◆ **PROBLEM TO WORK ON**:
If a record holds a picture, leave the picture out and repeat everything else exactly.

◆ **GIVEN RECORDS**:

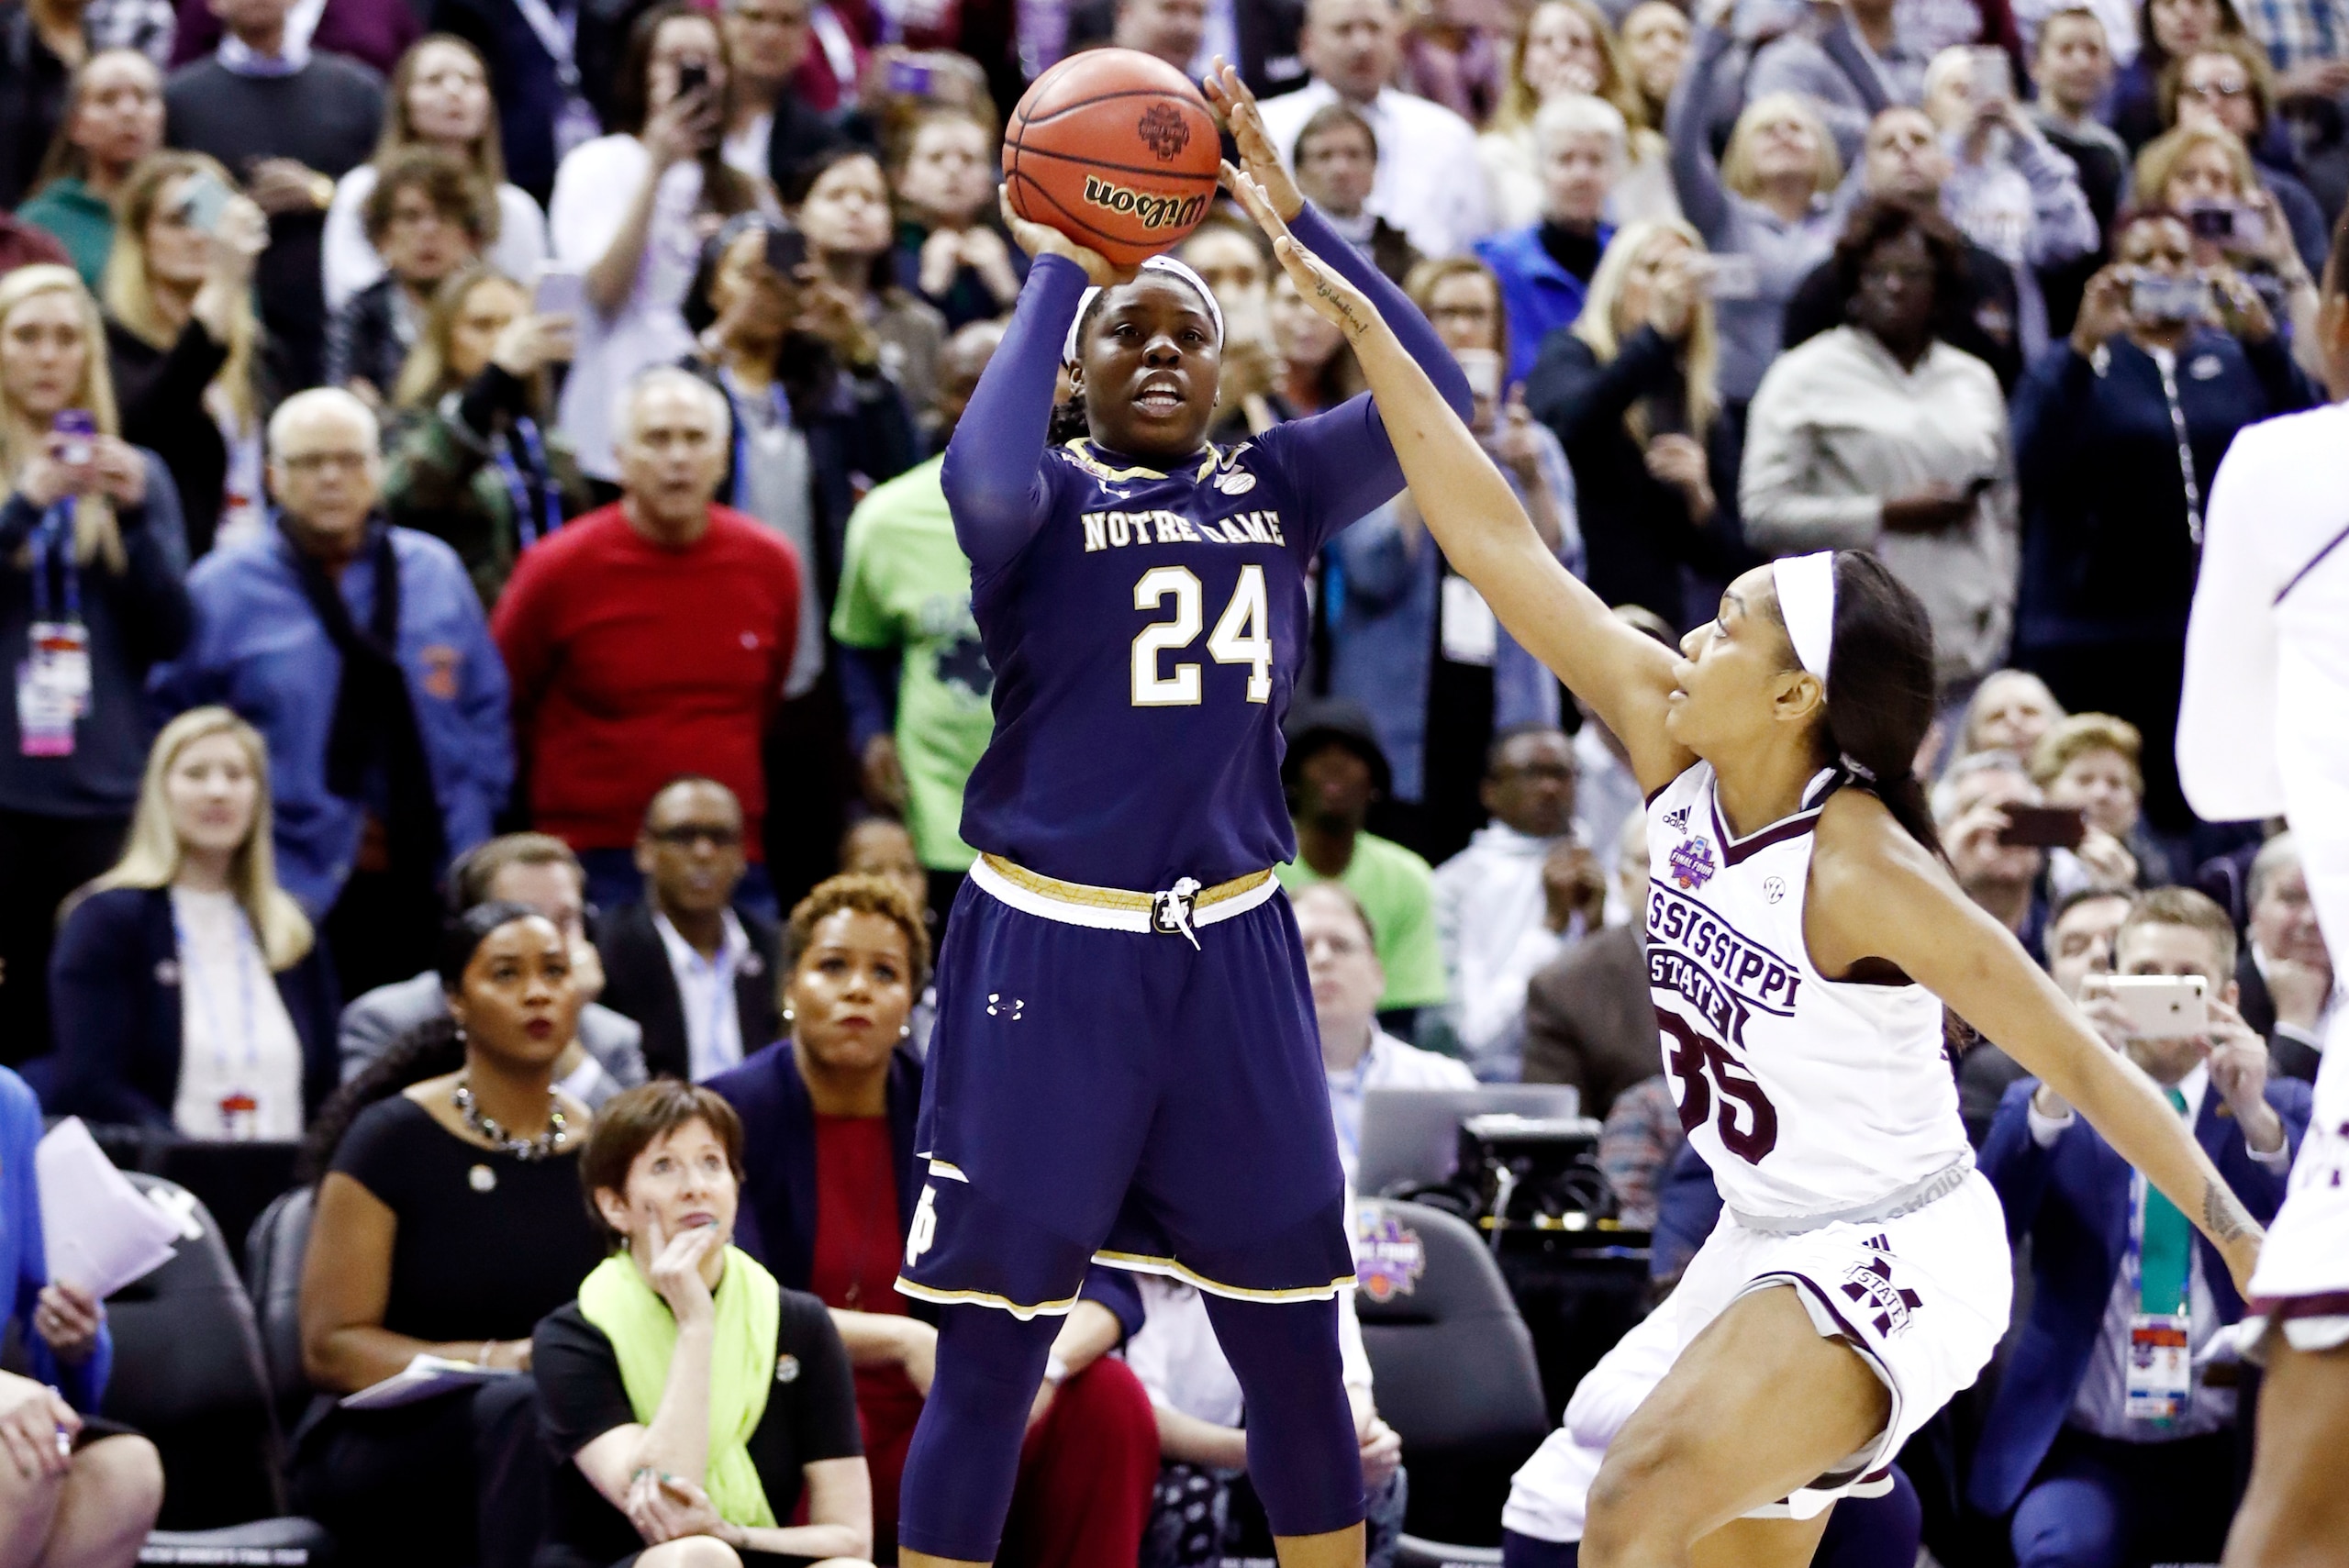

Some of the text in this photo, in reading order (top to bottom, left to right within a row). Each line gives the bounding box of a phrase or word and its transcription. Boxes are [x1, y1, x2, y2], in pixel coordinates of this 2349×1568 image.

[1084, 174, 1207, 228] Wilson
[1081, 509, 1202, 552] NOTRE
[1130, 564, 1273, 706] 24
[1671, 851, 1713, 877] FINAL FOUR
[1648, 887, 1801, 1006] SSISSIPPI
[1651, 954, 1723, 1029] STATE
[1654, 1004, 1778, 1165] 35
[1857, 1272, 1905, 1324] STATE

◆ **WRITTEN RESPONSE**:
Some of the text in this photo, in reading order (top to bottom, left to right within a row). Each line gives the bounding box of a phrase or word and its transcription. Boxes are [x1, y1, x2, y2], in pixel coordinates of this 2349×1568 image.

[1084, 174, 1207, 228] Wilson
[1081, 509, 1202, 552] NOTRE
[1130, 564, 1273, 706] 24
[1671, 851, 1713, 877] FINAL FOUR
[1648, 887, 1801, 1006] SSISSIPPI
[1651, 954, 1723, 1029] STATE
[1654, 1004, 1778, 1165] 35
[1857, 1272, 1905, 1324] STATE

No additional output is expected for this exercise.